• _The problem_: Leaving out all pictures, return the records word for word.
-*-
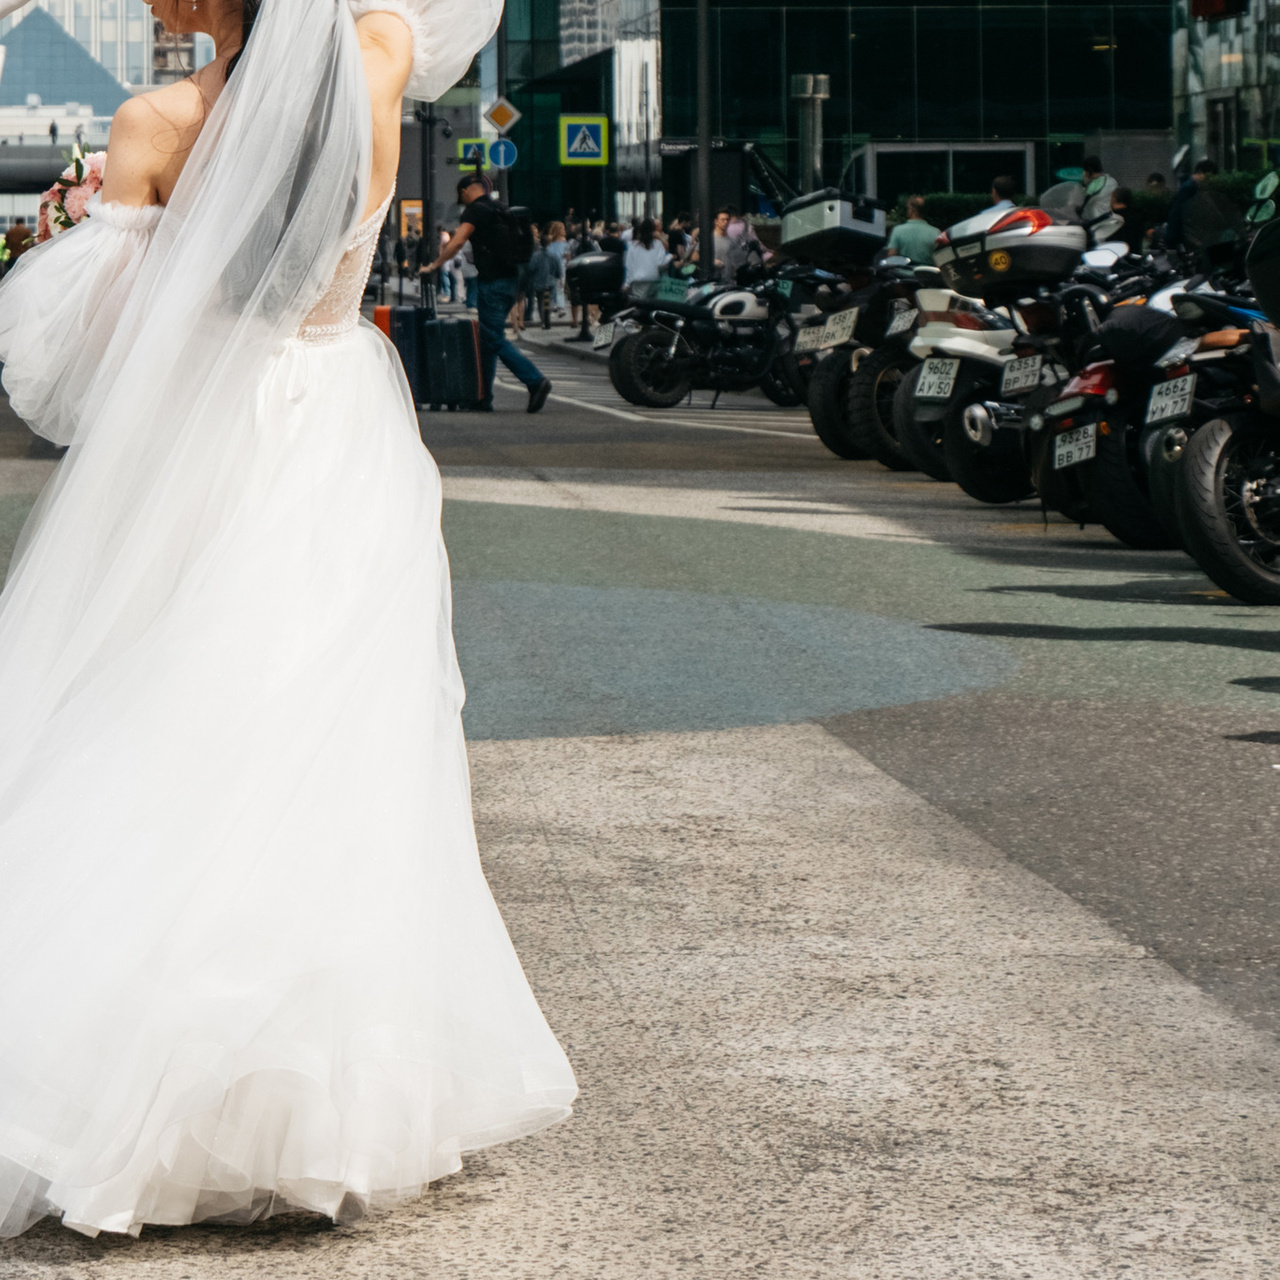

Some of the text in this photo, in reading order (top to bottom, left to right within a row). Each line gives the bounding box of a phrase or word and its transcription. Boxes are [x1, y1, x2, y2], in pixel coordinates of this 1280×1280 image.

[994, 255, 1007, 265] 40
[927, 361, 954, 375] 9602
[1009, 357, 1037, 372] 6353
[1024, 373, 1037, 385] 77
[936, 381, 951, 395] 50
[1172, 398, 1188, 413] 77
[1077, 445, 1092, 459] 77
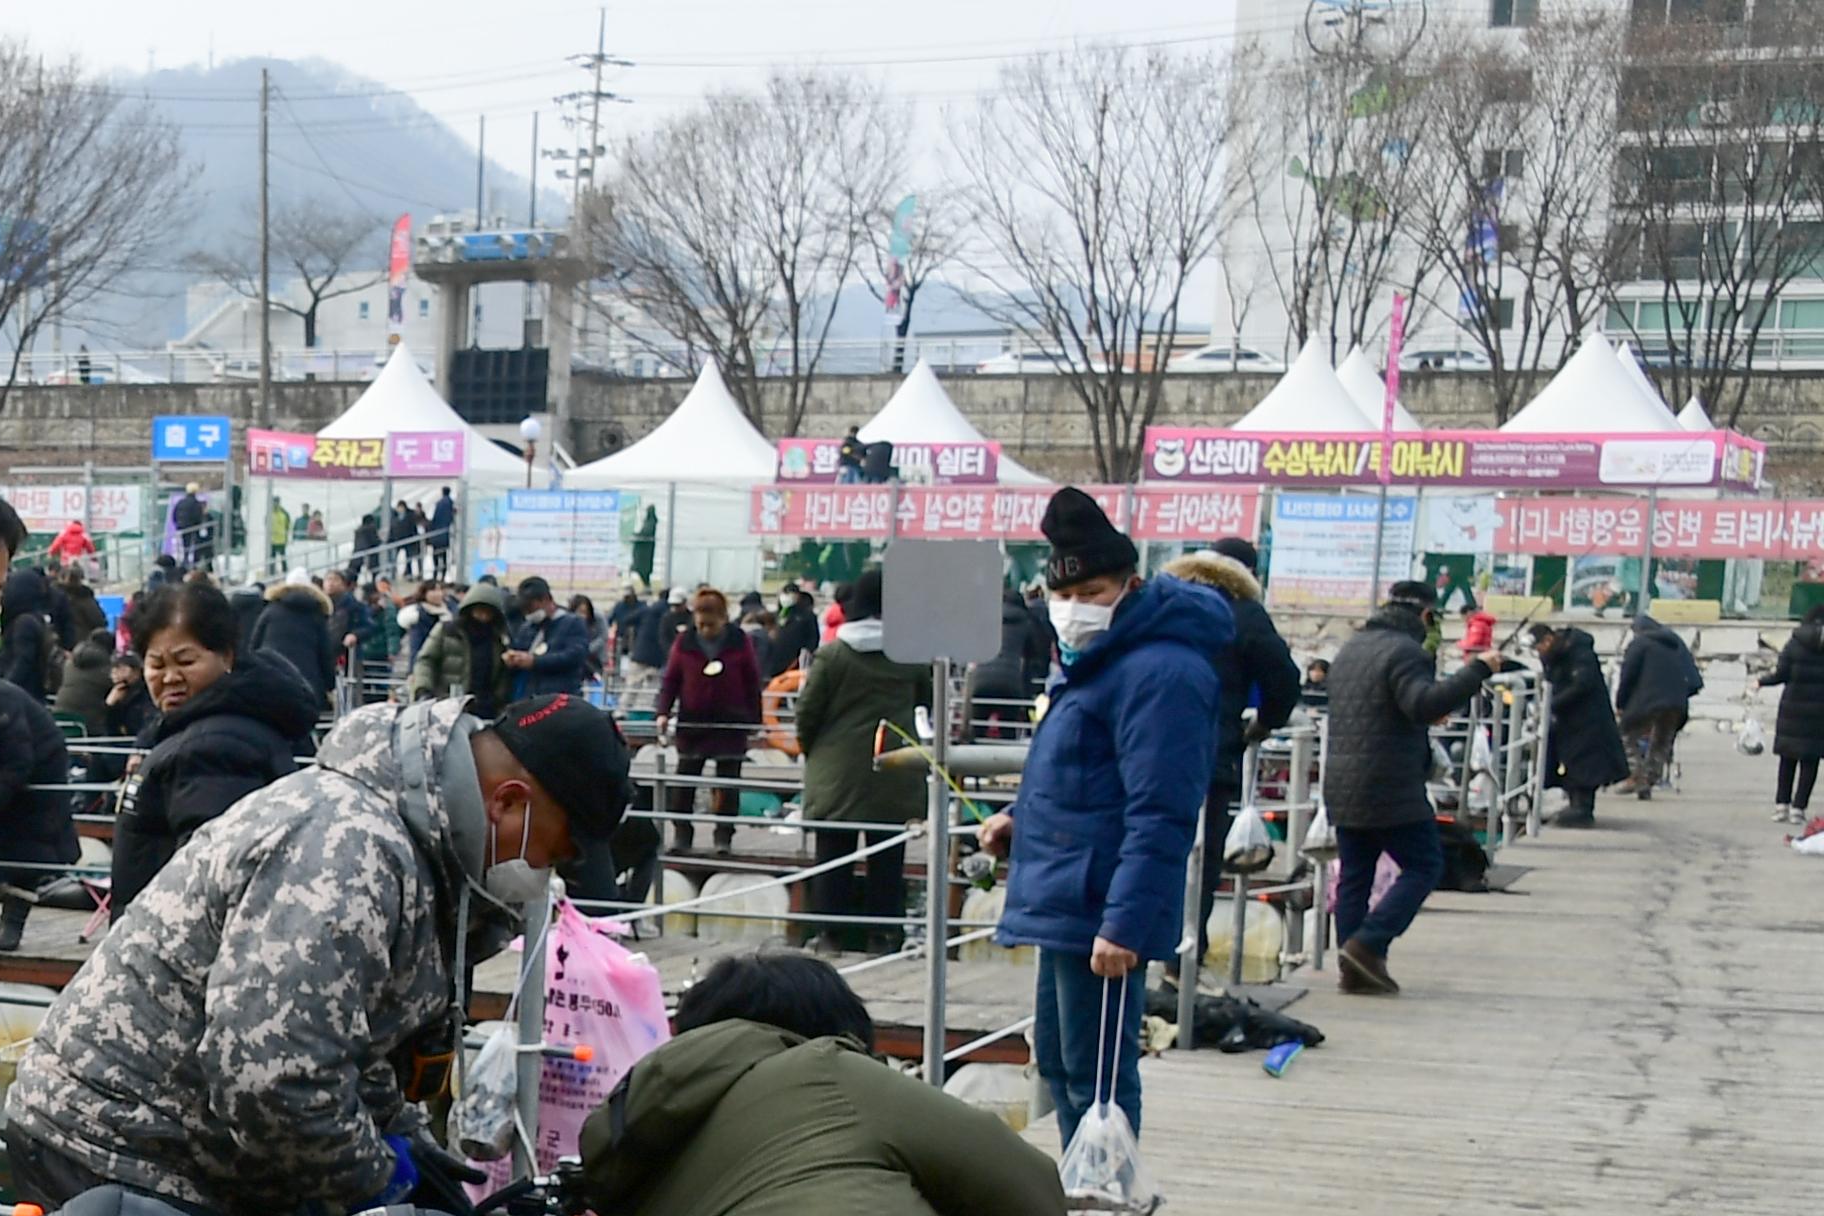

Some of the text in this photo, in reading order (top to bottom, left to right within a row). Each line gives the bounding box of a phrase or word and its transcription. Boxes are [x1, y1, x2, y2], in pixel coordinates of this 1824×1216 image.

[312, 439, 385, 468] 주차교
[936, 446, 987, 475] 쉼터
[1189, 439, 1260, 476] 산천어
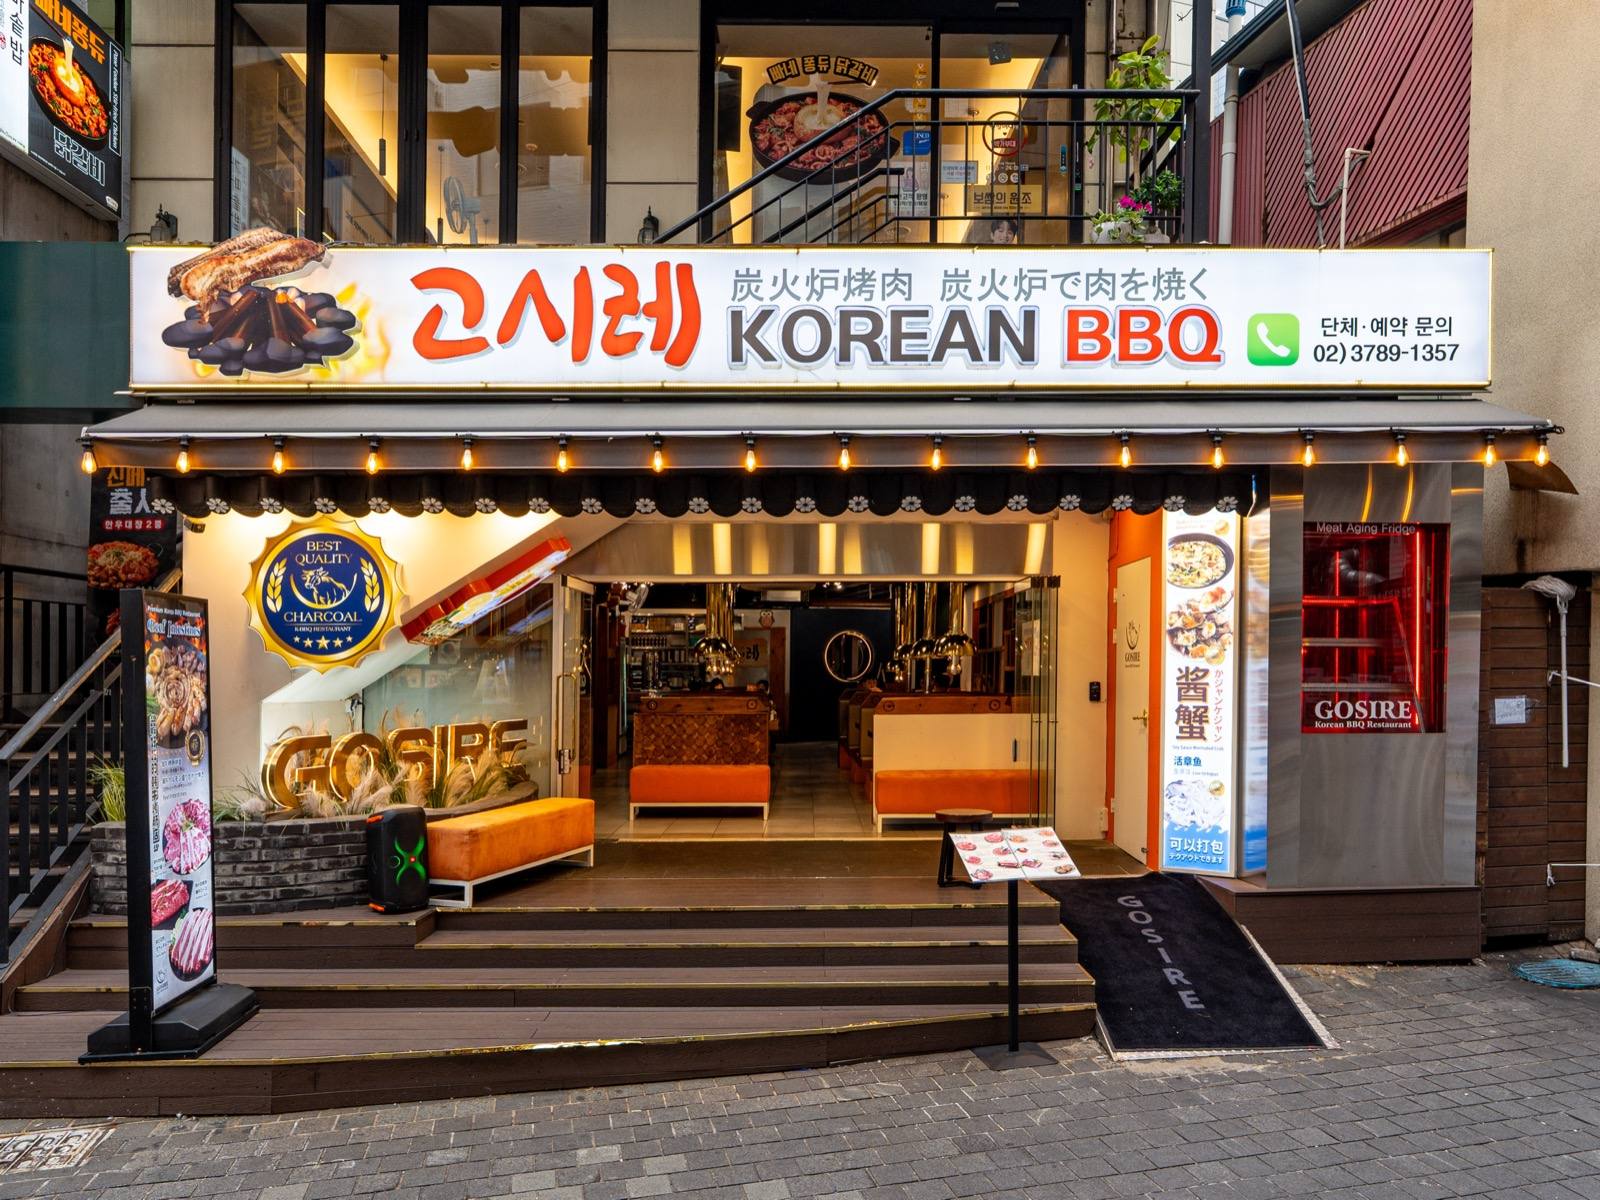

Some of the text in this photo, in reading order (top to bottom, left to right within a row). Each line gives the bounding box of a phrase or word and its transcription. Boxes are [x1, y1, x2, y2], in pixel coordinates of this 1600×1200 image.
-*-
• _Reply to the exercise_:
Some of the text in this photo, in reading order (top to bottom, left to right within a row). Each line gives the bounding box of a phrase or word and its transcription. Boxes are [x1, y1, x2, y2], in pixel coordinates of this 1280×1280 image.

[994, 255, 1007, 265] 40
[927, 361, 954, 375] 9602
[1009, 357, 1037, 372] 6353
[1024, 373, 1037, 385] 77
[936, 381, 951, 395] 50
[1172, 398, 1188, 413] 77
[1077, 445, 1092, 459] 77

Some of the text in this photo, in reading order (top to bottom, left to right within a row). Each line gives the bounding box of a phrase or word and its transcription. Boxes are [x1, y1, x2, y2], in pixel coordinates of this 1824×1216 image.

[312, 439, 385, 468] 주차교
[936, 446, 987, 475] 쉼터
[1189, 439, 1260, 476] 산천어

Some of the text in this photo, in reading order (top to bottom, left to right within a row). Each line gives the bounding box of a phrase or word and its transcription. Boxes are [x1, y1, x2, y2], in pixel coordinates of this 1600×1200 image.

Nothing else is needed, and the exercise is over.